Dans la maison de l’autre/ Cœurs ennemis

Et c’est reparti pour un mois anglais riche en découvertes littéraires !

Pour ouvrir le bal cette année, pourquoi ne pas faire d’une pierre deux coups en célébrant par la même occasion le D-Day qui sera commémoré ce 6 juin ? Résidant en Normandie, je vois depuis peu défiler sous mes fenêtres nombre de voitures vintages ou de véhicules militaires d’époque. La Seconde Guerre Mondiale étant une période historique à laquelle j’ai toujours été particulièrement sensible, je suis donc ce festival de près.
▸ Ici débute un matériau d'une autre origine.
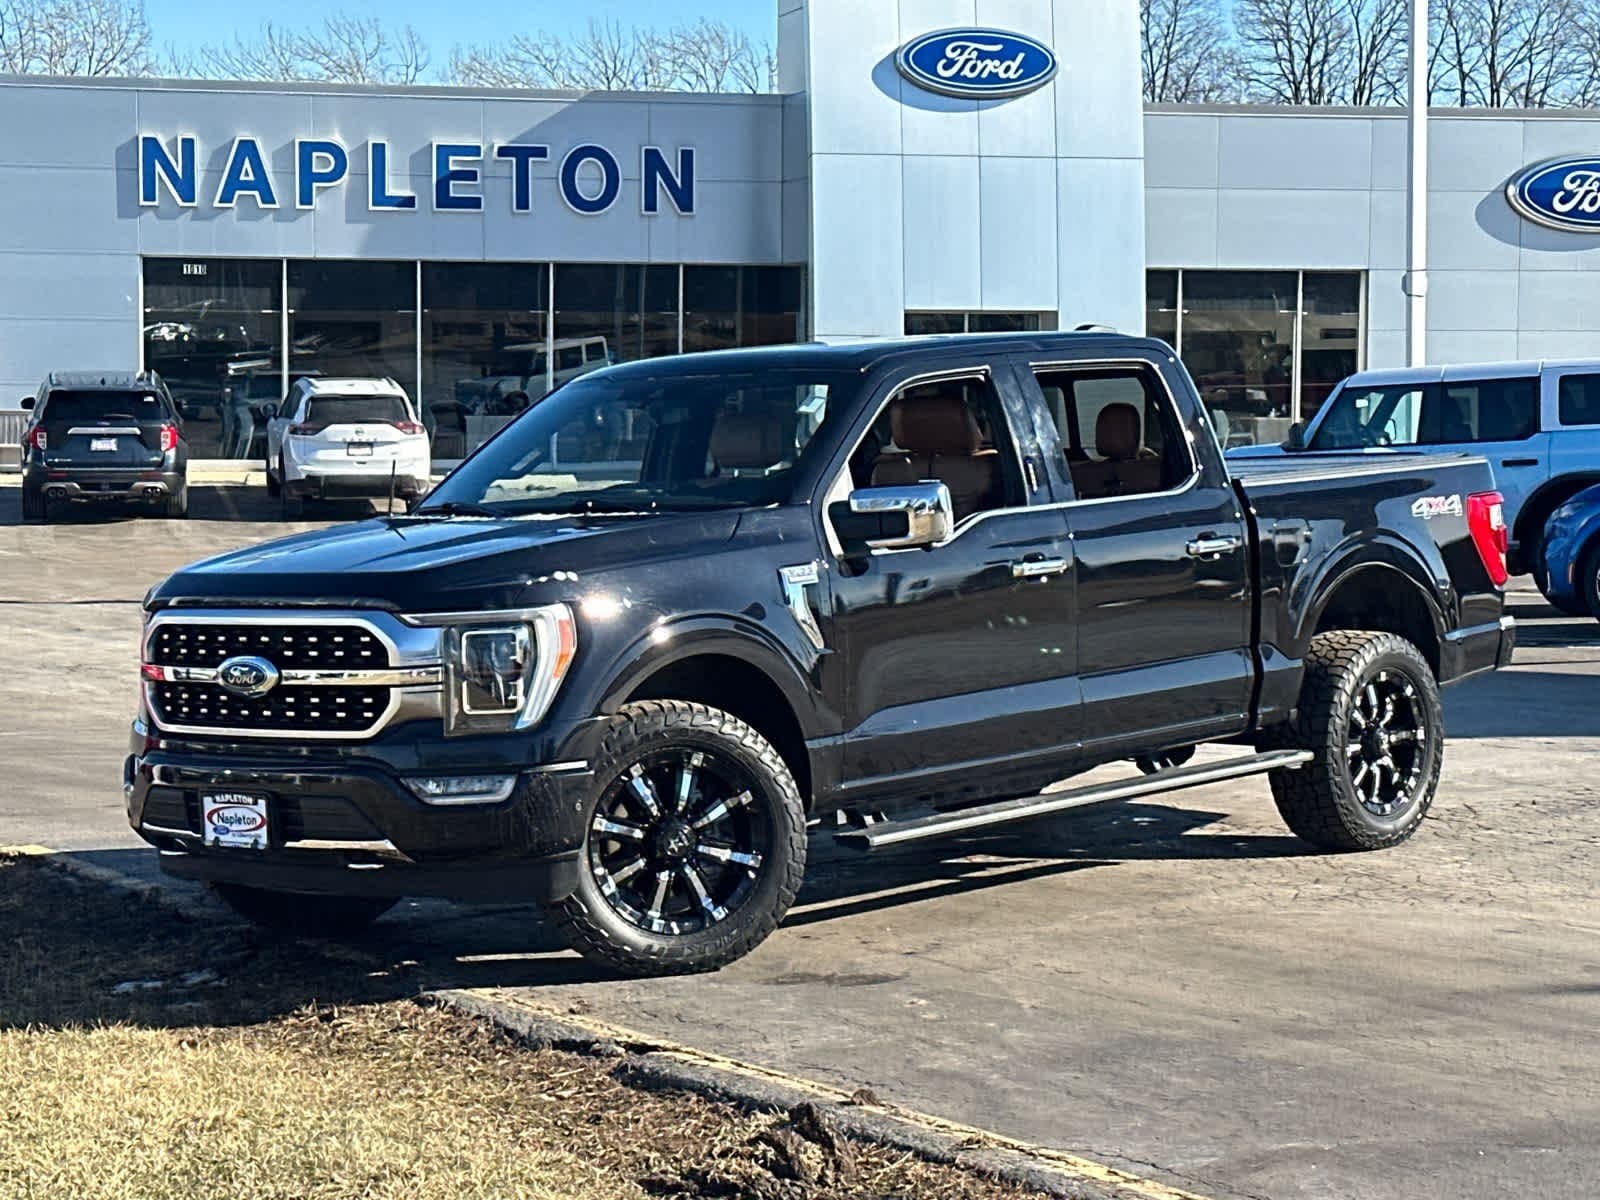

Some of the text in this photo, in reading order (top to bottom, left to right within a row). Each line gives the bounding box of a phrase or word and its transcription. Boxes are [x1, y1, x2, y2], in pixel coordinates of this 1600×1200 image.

[936, 41, 1025, 79] Ford
[138, 133, 696, 215] NAPLETON
[1552, 170, 1600, 213] Fo
[228, 665, 257, 684] Ford
[214, 794, 254, 804] NAPLETON
[217, 812, 257, 827] Napleton
De plus, ce contexte reste une mine intarissable d’inspiration pour la fiction… L’occasion semblait donc propice à lire cette petite romance historique, un moyen de participer à ma manière au devoir de mémoire…

En écrivant ce beau roman, Rhidian Brook a souhaité rendre un hommage vibrant à son propre grand-père, lorsque ce dernier, officier britannique au lendemain de la guerre, après avoir réquisitionné une propriété allemande, aurait décidé contre tout attente de cohabiter avec les propriétaires, une initiative de réconciliation que je trouve admirable. Cette dimension personnelle m’a d’emblée séduite, elle renforce par ailleurs un peu plus la crédibilité du récit.
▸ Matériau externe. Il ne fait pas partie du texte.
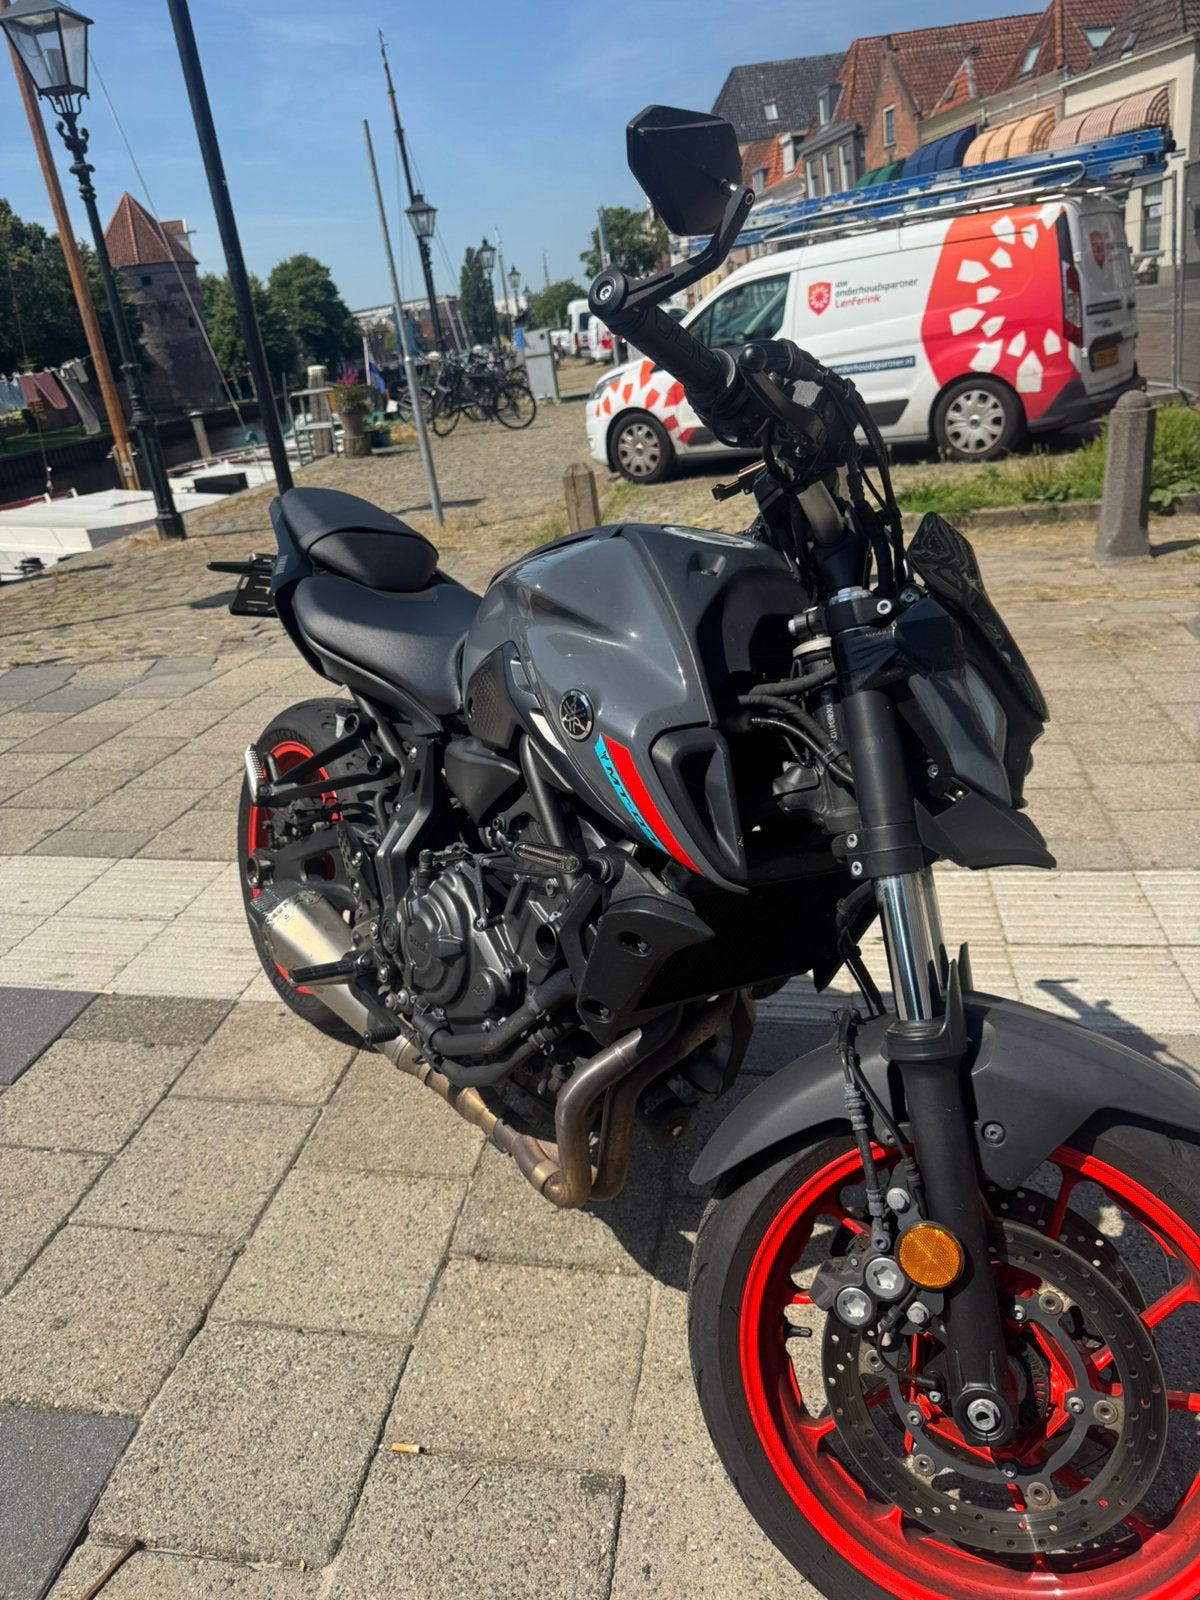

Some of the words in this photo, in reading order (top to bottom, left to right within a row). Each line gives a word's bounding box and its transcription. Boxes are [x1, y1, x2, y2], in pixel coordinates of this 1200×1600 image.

[835, 279, 918, 297] onderhoudspartner
[835, 295, 880, 308] Lenferink
[605, 765, 659, 843] MT-07
L’histoire se déroule en 1946. Après la capitulation allemande, la ville de Hambourg est dévastée, anéantie par les bombardements successifs des forces alliées de l’Axe. Les troupes britanniques occupent le territoire et un projet titanesque de reconstruction et de dénazification prend doucement forme. Le colonel Lewis Morgan est chargé de cette mission ambitieuse. La demeure somptueuse de Stefan Lubert, un architecte veuf lui est attribuée mais l’officier, écrasé par le poids de sa culpabilité, décide de cohabiter avec « l’ennemi ». Cette décision inattendue n’excite guère l’enthousiasme de son épouse, Rachael, accablée par le chagrin de la perte de son fils, mort sous les bombardements de Londres. Dès lors, pour guérir et se reconstruire, ces trois âmes brisées, à l’image de cette ville détruite devront mettre de côté leurs dissensions…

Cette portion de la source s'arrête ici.